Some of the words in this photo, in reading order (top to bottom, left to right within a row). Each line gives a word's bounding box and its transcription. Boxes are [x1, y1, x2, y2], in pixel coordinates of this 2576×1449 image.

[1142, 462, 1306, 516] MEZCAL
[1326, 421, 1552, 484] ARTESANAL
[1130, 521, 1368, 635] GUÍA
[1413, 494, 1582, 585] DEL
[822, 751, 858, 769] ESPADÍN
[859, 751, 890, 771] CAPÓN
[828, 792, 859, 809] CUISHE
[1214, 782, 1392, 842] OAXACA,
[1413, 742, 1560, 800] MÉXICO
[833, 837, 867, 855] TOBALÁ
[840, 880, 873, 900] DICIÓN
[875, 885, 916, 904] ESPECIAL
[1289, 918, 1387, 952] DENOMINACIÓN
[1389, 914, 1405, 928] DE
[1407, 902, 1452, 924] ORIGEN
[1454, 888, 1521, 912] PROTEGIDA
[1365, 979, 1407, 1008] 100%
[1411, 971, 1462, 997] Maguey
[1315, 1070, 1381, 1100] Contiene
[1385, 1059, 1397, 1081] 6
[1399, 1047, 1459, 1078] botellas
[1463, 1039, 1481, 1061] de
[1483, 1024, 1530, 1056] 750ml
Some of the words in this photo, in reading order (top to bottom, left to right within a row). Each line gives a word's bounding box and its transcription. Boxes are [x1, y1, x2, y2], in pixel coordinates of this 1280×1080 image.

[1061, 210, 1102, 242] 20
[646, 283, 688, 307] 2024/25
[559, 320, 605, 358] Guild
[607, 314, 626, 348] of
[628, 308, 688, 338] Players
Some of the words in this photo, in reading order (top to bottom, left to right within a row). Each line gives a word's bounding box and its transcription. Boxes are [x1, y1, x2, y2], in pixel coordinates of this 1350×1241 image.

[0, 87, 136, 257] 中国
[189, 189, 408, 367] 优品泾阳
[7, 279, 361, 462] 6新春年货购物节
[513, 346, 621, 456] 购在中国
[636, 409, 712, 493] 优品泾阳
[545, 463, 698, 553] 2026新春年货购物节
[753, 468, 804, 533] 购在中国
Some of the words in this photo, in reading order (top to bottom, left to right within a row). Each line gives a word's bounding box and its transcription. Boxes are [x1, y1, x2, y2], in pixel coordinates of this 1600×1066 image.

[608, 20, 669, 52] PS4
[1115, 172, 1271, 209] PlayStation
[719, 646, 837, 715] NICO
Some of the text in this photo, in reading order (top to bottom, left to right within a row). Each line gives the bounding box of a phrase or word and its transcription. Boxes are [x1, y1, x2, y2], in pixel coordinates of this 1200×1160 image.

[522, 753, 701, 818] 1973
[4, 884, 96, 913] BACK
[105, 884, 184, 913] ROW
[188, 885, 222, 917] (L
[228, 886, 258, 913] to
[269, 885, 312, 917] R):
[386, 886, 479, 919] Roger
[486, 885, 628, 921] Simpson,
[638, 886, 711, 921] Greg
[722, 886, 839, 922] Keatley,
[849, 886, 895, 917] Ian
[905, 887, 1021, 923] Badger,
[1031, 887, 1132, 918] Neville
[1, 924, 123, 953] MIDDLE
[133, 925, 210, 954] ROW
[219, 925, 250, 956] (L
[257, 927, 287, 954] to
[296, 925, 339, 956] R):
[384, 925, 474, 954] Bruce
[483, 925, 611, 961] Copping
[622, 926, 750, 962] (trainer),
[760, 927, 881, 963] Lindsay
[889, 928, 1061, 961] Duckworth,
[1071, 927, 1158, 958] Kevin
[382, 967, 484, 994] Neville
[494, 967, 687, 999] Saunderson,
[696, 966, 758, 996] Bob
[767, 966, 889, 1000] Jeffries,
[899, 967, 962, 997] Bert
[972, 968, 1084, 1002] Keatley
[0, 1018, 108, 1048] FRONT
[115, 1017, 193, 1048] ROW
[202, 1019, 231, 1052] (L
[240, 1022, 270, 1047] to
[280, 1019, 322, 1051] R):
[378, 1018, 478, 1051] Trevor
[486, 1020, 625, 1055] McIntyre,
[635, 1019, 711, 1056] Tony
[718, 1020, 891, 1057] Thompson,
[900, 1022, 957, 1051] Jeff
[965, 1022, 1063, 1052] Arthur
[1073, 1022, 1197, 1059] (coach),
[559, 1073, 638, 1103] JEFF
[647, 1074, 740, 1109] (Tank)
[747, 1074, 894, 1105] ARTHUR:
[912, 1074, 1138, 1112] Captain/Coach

- **Goal of the exercise**
Write out the complete set of records exactly as given.

- **Written solution**
Some of the words in this photo, in reading order (top to bottom, left to right within a row). Each line gives a word's bounding box and its transcription. Boxes are [x1, y1, x2, y2], in pixel coordinates of this 2576×1449 image.

[1142, 462, 1306, 516] MEZCAL
[1326, 421, 1552, 484] ARTESANAL
[1130, 521, 1368, 635] GUÍA
[1413, 494, 1582, 585] DEL
[822, 751, 858, 769] ESPADÍN
[859, 751, 890, 771] CAPÓN
[828, 792, 859, 809] CUISHE
[1214, 782, 1392, 842] OAXACA,
[1413, 742, 1560, 800] MÉXICO
[833, 837, 867, 855] TOBALÁ
[840, 880, 873, 900] DICIÓN
[875, 885, 916, 904] ESPECIAL
[1289, 918, 1387, 952] DENOMINACIÓN
[1389, 914, 1405, 928] DE
[1407, 902, 1452, 924] ORIGEN
[1454, 888, 1521, 912] PROTEGIDA
[1365, 979, 1407, 1008] 100%
[1411, 971, 1462, 997] Maguey
[1315, 1070, 1381, 1100] Contiene
[1385, 1059, 1397, 1081] 6
[1399, 1047, 1459, 1078] botellas
[1463, 1039, 1481, 1061] de
[1483, 1024, 1530, 1056] 750ml
Some of the words in this photo, in reading order (top to bottom, left to right within a row). Each line gives a word's bounding box and its transcription. Boxes are [x1, y1, x2, y2], in pixel coordinates of this 1280×1080 image.

[1061, 210, 1102, 242] 20
[646, 283, 688, 307] 2024/25
[559, 320, 605, 358] Guild
[607, 314, 626, 348] of
[628, 308, 688, 338] Players
Some of the words in this photo, in reading order (top to bottom, left to right within a row). Each line gives a word's bounding box and its transcription. Boxes are [x1, y1, x2, y2], in pixel coordinates of this 1350×1241 image.

[0, 87, 136, 257] 中国
[189, 189, 408, 367] 优品泾阳
[7, 279, 361, 462] 6新春年货购物节
[513, 346, 621, 456] 购在中国
[636, 409, 712, 493] 优品泾阳
[545, 463, 698, 553] 2026新春年货购物节
[753, 468, 804, 533] 购在中国
Some of the words in this photo, in reading order (top to bottom, left to right within a row). Each line gives a word's bounding box and its transcription. Boxes are [x1, y1, x2, y2], in pixel coordinates of this 1600×1066 image.

[608, 20, 669, 52] PS4
[1115, 172, 1271, 209] PlayStation
[719, 646, 837, 715] NICO
Some of the text in this photo, in reading order (top to bottom, left to right within a row). Each line gives the bounding box of a phrase or word and its transcription. Boxes are [x1, y1, x2, y2], in pixel coordinates of this 1200×1160 image.

[522, 753, 701, 818] 1973
[4, 884, 96, 913] BACK
[105, 884, 184, 913] ROW
[188, 885, 222, 917] (L
[228, 886, 258, 913] to
[269, 885, 312, 917] R):
[386, 886, 479, 919] Roger
[486, 885, 628, 921] Simpson,
[638, 886, 711, 921] Greg
[722, 886, 839, 922] Keatley,
[849, 886, 895, 917] Ian
[905, 887, 1021, 923] Badger,
[1031, 887, 1132, 918] Neville
[1, 924, 123, 953] MIDDLE
[133, 925, 210, 954] ROW
[219, 925, 250, 956] (L
[257, 927, 287, 954] to
[296, 925, 339, 956] R):
[384, 925, 474, 954] Bruce
[483, 925, 611, 961] Copping
[622, 926, 750, 962] (trainer),
[760, 927, 881, 963] Lindsay
[889, 928, 1061, 961] Duckworth,
[1071, 927, 1158, 958] Kevin
[382, 967, 484, 994] Neville
[494, 967, 687, 999] Saunderson,
[696, 966, 758, 996] Bob
[767, 966, 889, 1000] Jeffries,
[899, 967, 962, 997] Bert
[972, 968, 1084, 1002] Keatley
[0, 1018, 108, 1048] FRONT
[115, 1017, 193, 1048] ROW
[202, 1019, 231, 1052] (L
[240, 1022, 270, 1047] to
[280, 1019, 322, 1051] R):
[378, 1018, 478, 1051] Trevor
[486, 1020, 625, 1055] McIntyre,
[635, 1019, 711, 1056] Tony
[718, 1020, 891, 1057] Thompson,
[900, 1022, 957, 1051] Jeff
[965, 1022, 1063, 1052] Arthur
[1073, 1022, 1197, 1059] (coach),
[559, 1073, 638, 1103] JEFF
[647, 1074, 740, 1109] (Tank)
[747, 1074, 894, 1105] ARTHUR:
[912, 1074, 1138, 1112] Captain/Coach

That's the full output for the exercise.